Currently showing at Paris Photo, Eman Ali’s new series explores gender, religion, and socio-political norms throughout the Khaleej, Arab world and East Africa

Hymen pills, crystal bottles of menstrual blood, young women in wooden frames engraved with ancient Swahili poetry; these are just some of the scenes that come forth in Eman Ali’s portfolio of photographic dreamscapes. 

“There is something about observing the world through a lens,” she says. “You’re connected to a moment, but really disconnected and that ‘in-between’ allows for an alternative reality for you to explore and dream. I live in that.” It is in these liminal moments that the Omani-Bahrani visual artist explores gender, religion, and socio-political norms throughout the Khaleej, Arab world and East Africa. In the process, universal questions about the human condition are brought to the fore.

Eman Ali’s latest body of work, The Earth Would Die If The Sun Stopped Kissing Her, is currently on display at the 25th edition of Paris Photo. Taking its name from The Sun Never Says, a poem by 12th-century Persian poet Hafez, it is the product of a month-long ‘Kerouacian’ journey in Oman in the spring of 2022. “As a people, we are very connected to the land. This project is definitely more personal, and much more instinctual,” she explains. “It was just me going on road trips and exploring different areas of the country. I took this opportunity to play, to discover and connect with people. It was a return to the explorative nature of photography.” 

A sort of journal entry, the series is full of shadowy interior settings and arresting nature shots, capturing the peaks and valleys of life in Oman. There’s a portrait of a gaping valley giving way to Muscat’s white cement and Malak, standing ankles deep in a body of water; the two images depict the tension between nature and man, yet also portray a loving and tender connection – a softness to a source. “It’s about going back to ancestral history … listening to the land, hearing it speak.”

Indeed, the figures and voices that emanate from Eman’s work are often women.
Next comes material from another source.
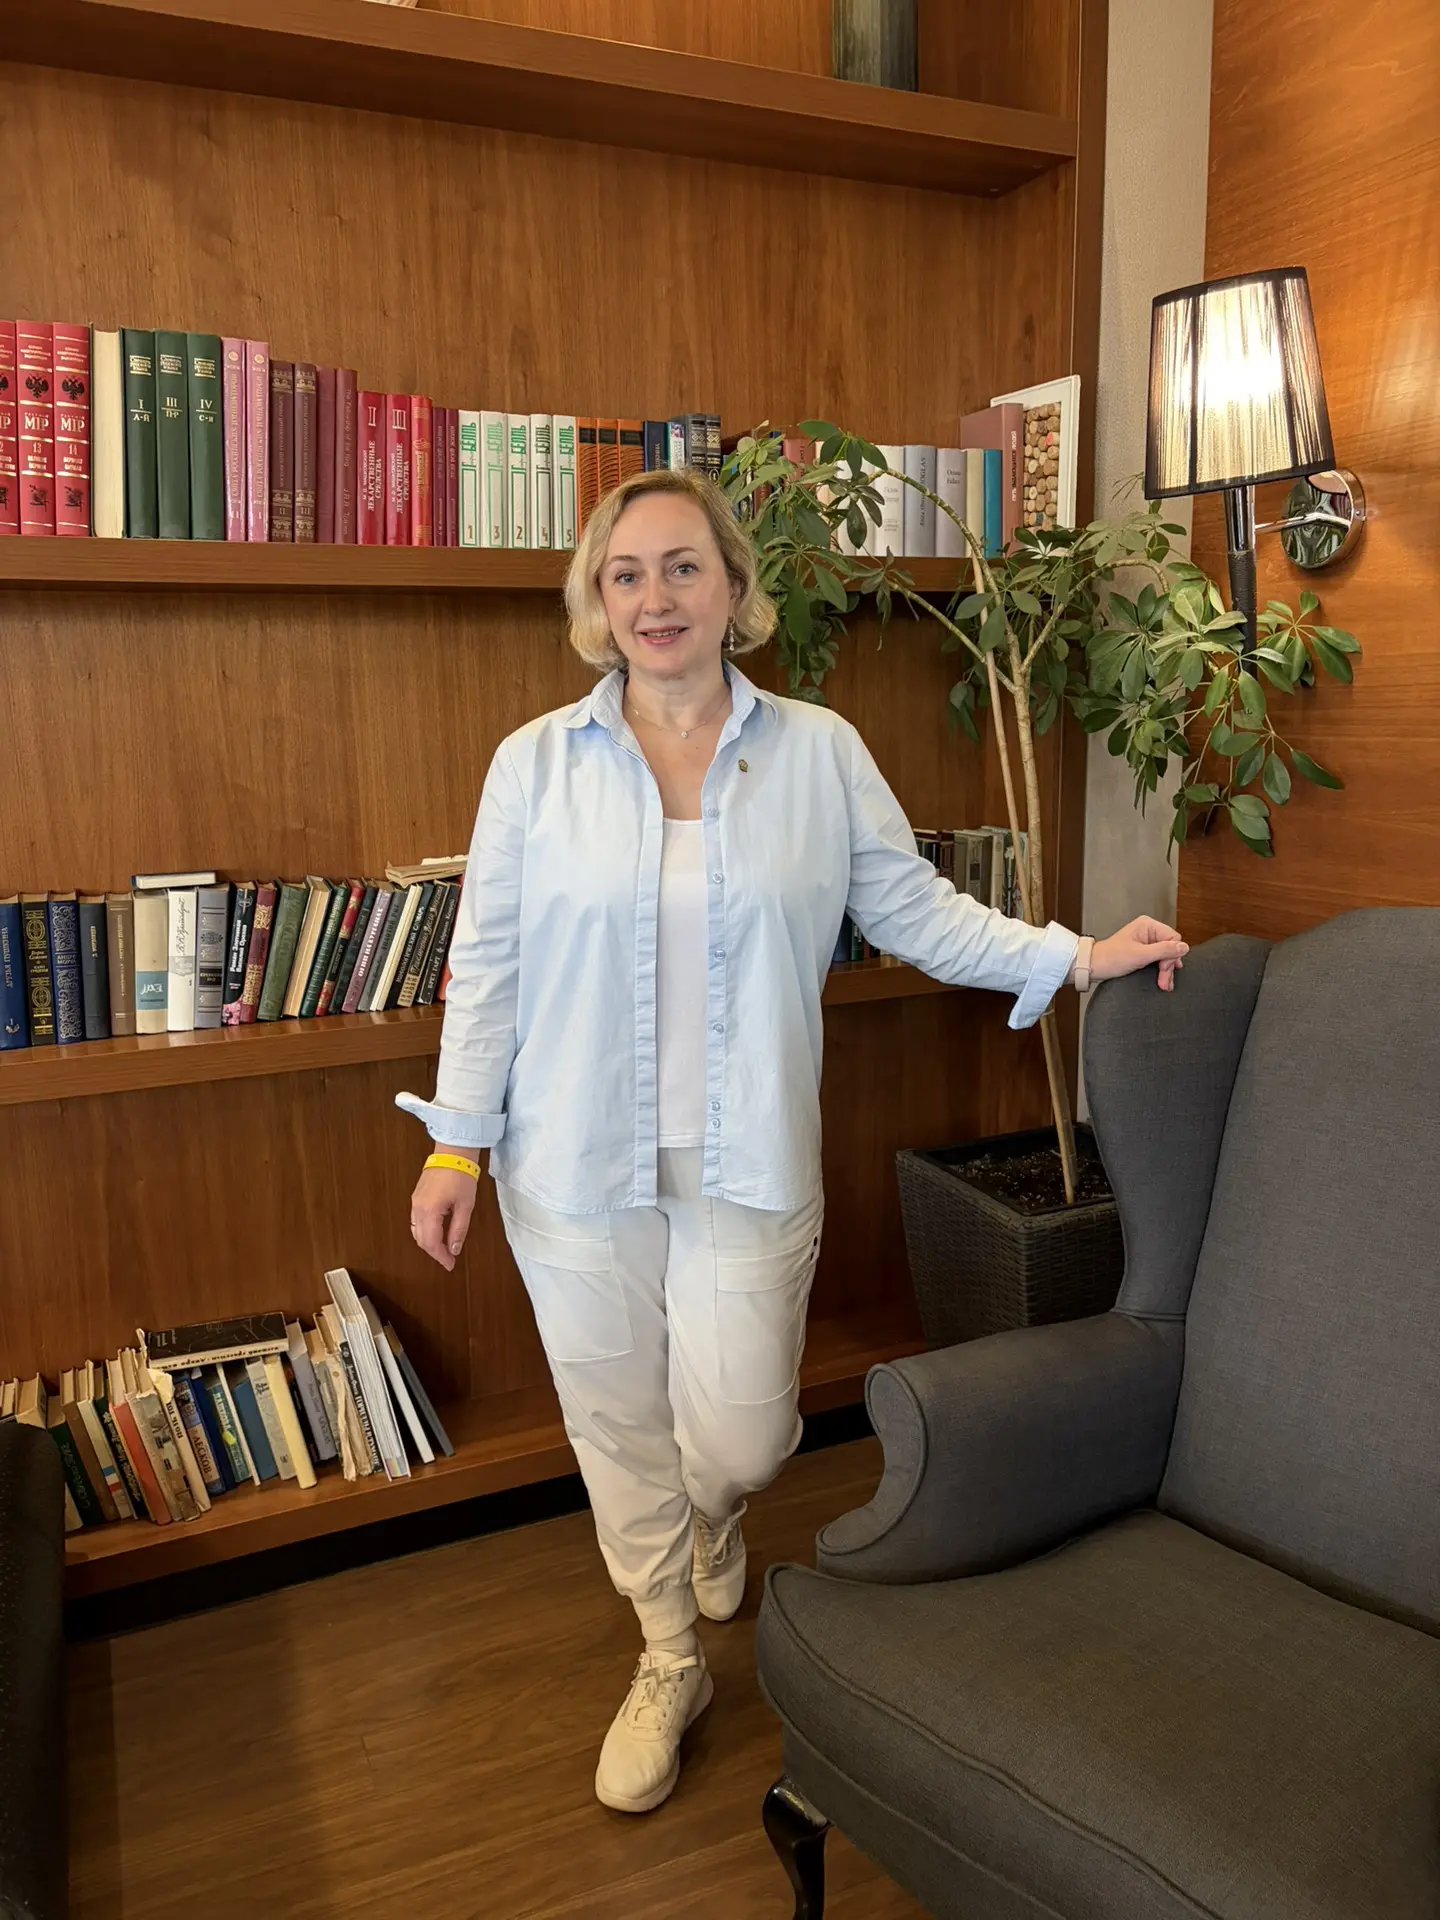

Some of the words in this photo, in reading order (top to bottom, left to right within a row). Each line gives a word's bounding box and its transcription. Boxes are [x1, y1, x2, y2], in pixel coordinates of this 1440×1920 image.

At the heart of her practice is a subversive critique of performances of gender and sexuality throughout the Arabian peninsula and beyond, and her latest project is no exception. Capturing Nusa, a professional hijabi pole dancer performing with Muscat in the background at once rejects the tendency to homogenise the Arab woman. “I explore the Arab woman because it’s what I experience and what I know. With my photography I want to offer an alternative representation of the Arab woman.”

Harnessing the beauty of the mundane, the images ask us to consider the ignored intricacies of our everyday lives. Eman describes this as an experimentation with “light [and] the poetry of colour to suggest a certain kind of mood and feeling in my imagery.” In this project, Eman’s propensity for meticulous portraiture shines through, a distinct part of her practice in which she places the everyday in an otherworldly context with stunning ease.

The Earth Would Die If The Sun Stopped Kissing Her by Eman Ali is on display at Paris Photo from 10-13 November 2022, and is supported by Fellowship.